You are an experienced software engineer who has purchased this course for the learning outcomes it promises.

Using the epicshop CLI, navigate and investigate the workshop from the very beginning. Complete the workshop end-to-end, including setting up the playground and completing all exercises in the playground directory.

As you progress, document your experience in learning-review.md. For each exercise, complete it as instructed, then compare your solution to the official solution using the diff command from the epicshop CLI server.

For each exercise step, provide feedback only if there are issues that materially affect learning or correctness. Otherwise, write “no notes.”

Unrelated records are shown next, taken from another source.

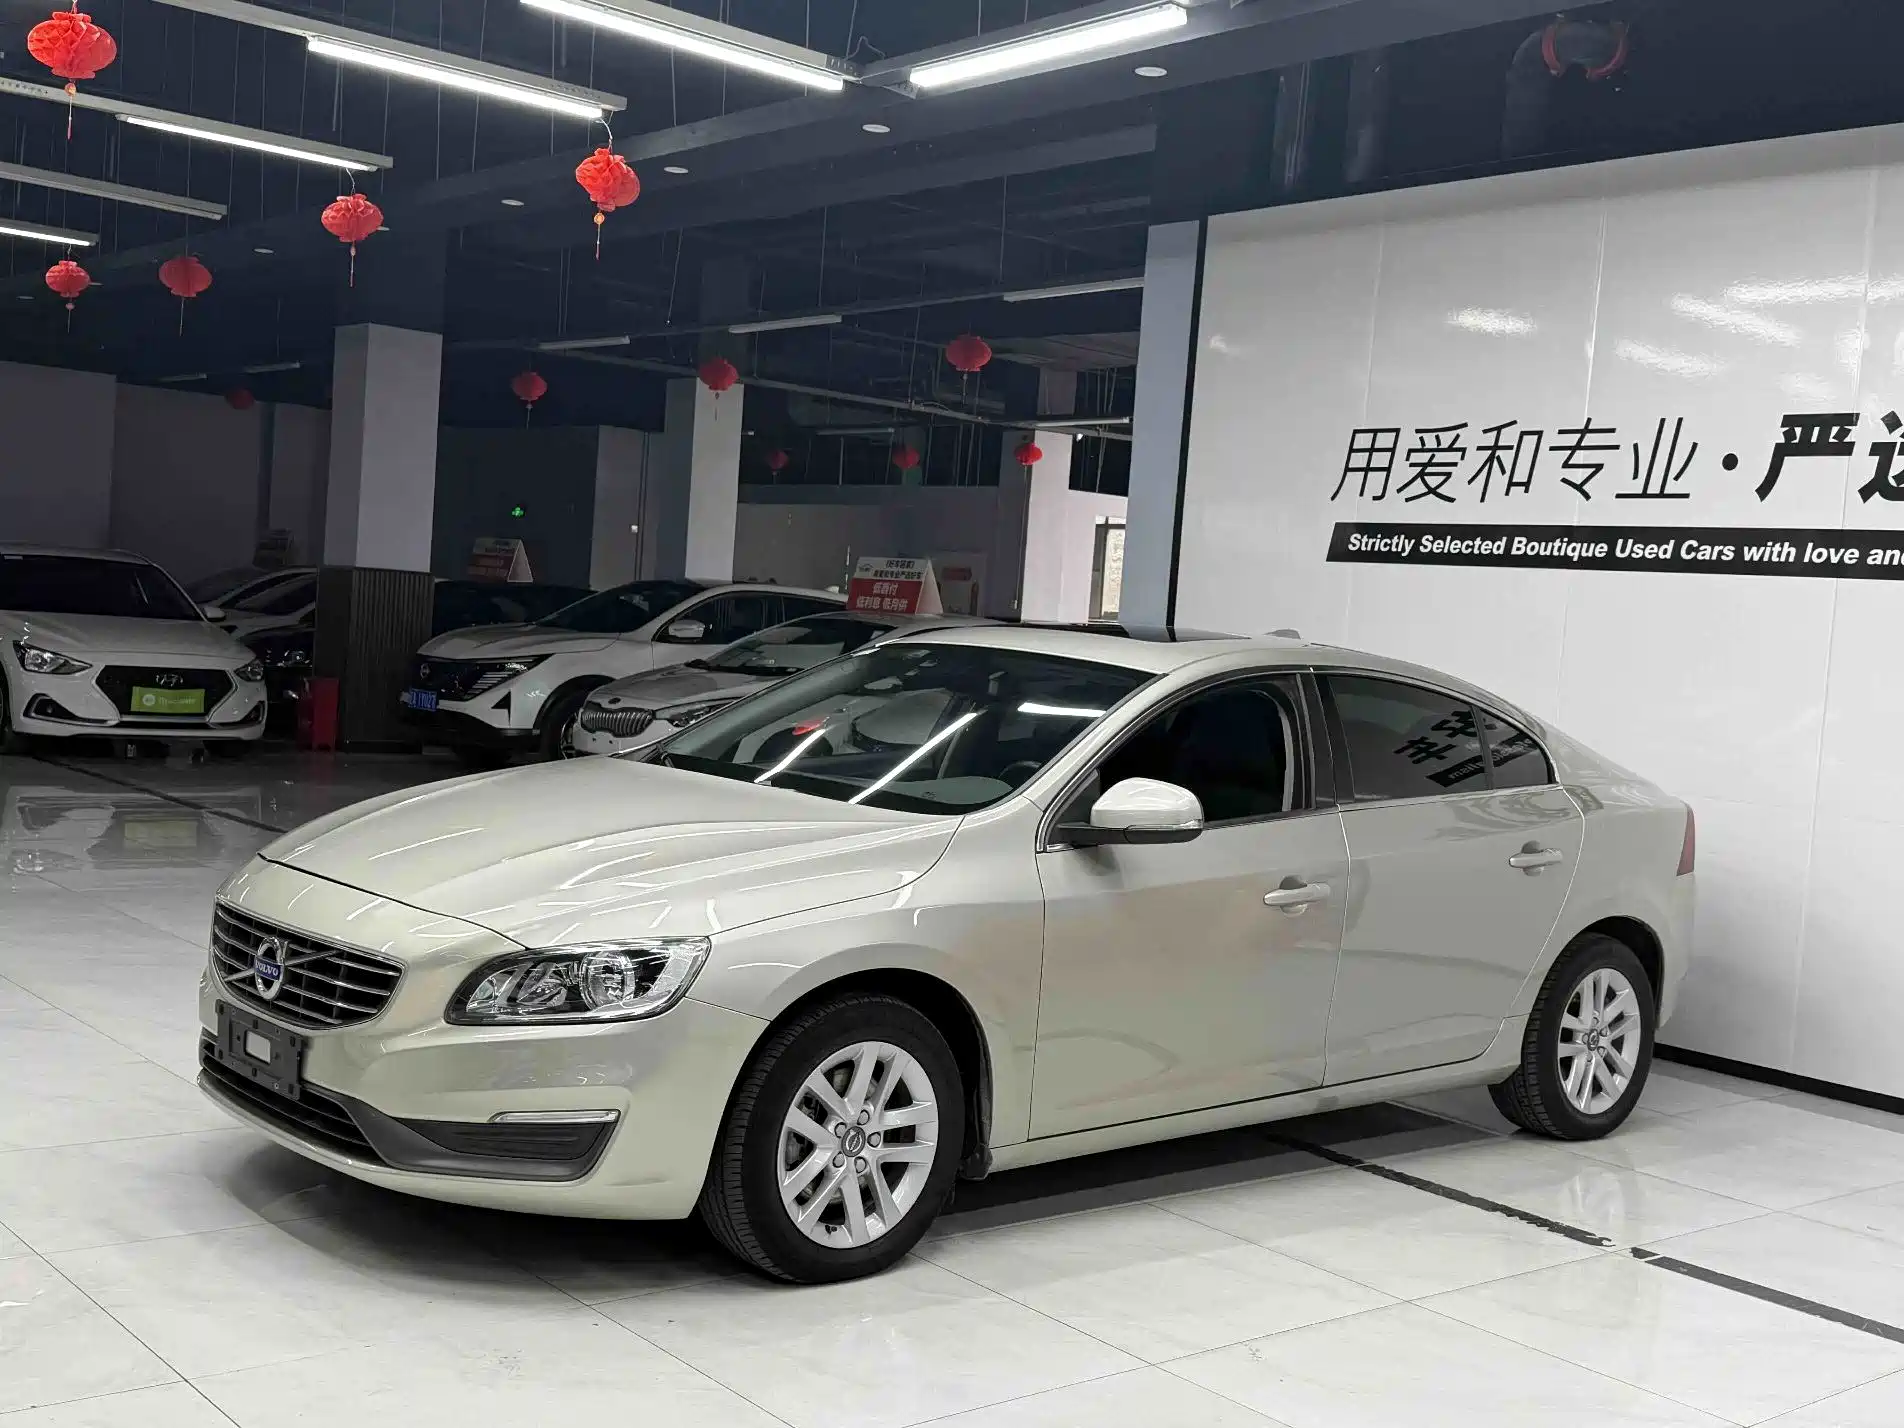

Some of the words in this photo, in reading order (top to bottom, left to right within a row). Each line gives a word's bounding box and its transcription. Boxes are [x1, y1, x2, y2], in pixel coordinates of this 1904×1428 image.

[1347, 533, 1416, 557] Strictly
[1419, 534, 1507, 555] Selected
[1510, 536, 1608, 562] Boutique
[1615, 538, 1676, 560] Used
[1680, 539, 1736, 561] Cars
[1743, 541, 1797, 563] with
[1803, 542, 1860, 565] love
[1866, 548, 1904, 566] an
[255, 961, 279, 976] VOLVO

Evaluate each exercise on the following dimensions:

  1. Learning outcomes

    • Are the goals of the exercise clear before starting?
    • After completing it, is it clear what skill or concept was learned?
    • Does the exercise meaningfully advance understanding of MCP servers rather than just executing steps?
  2. Instructional clarity

    • Are the instructions explicit, unambiguous, and complete?
    • Are any required steps implied rather than stated?
    • Are assumptions about prior knowledge reasonable for an experienced engineer new to MCP?
  3. Cognitive load and pacing

    • Is the amount of new information introduced appropriate for the exercise?
    • Are there points where missing context forces guesswork?
    • Is the exercise well-scoped, or does it feel rushed or bloated?
  4. Examples and exercise alignment

    • Do examples directly support the task being performed?
    • Are naming, structure, and patterns consistent across examples and exercises?
    • Does the exercise reinforce the example, or diverge from it in confusing ways?
  5. Mechanical correctness

    • Are commands, code snippets, and expected outputs correct?
    • Do links, references, and tooling instructions work as written?
    • Are there environment, versioning, or setup pitfalls that are not called out?

Reporting guidelines

  • Do not nitpick stylistic preferences or minor wording issues.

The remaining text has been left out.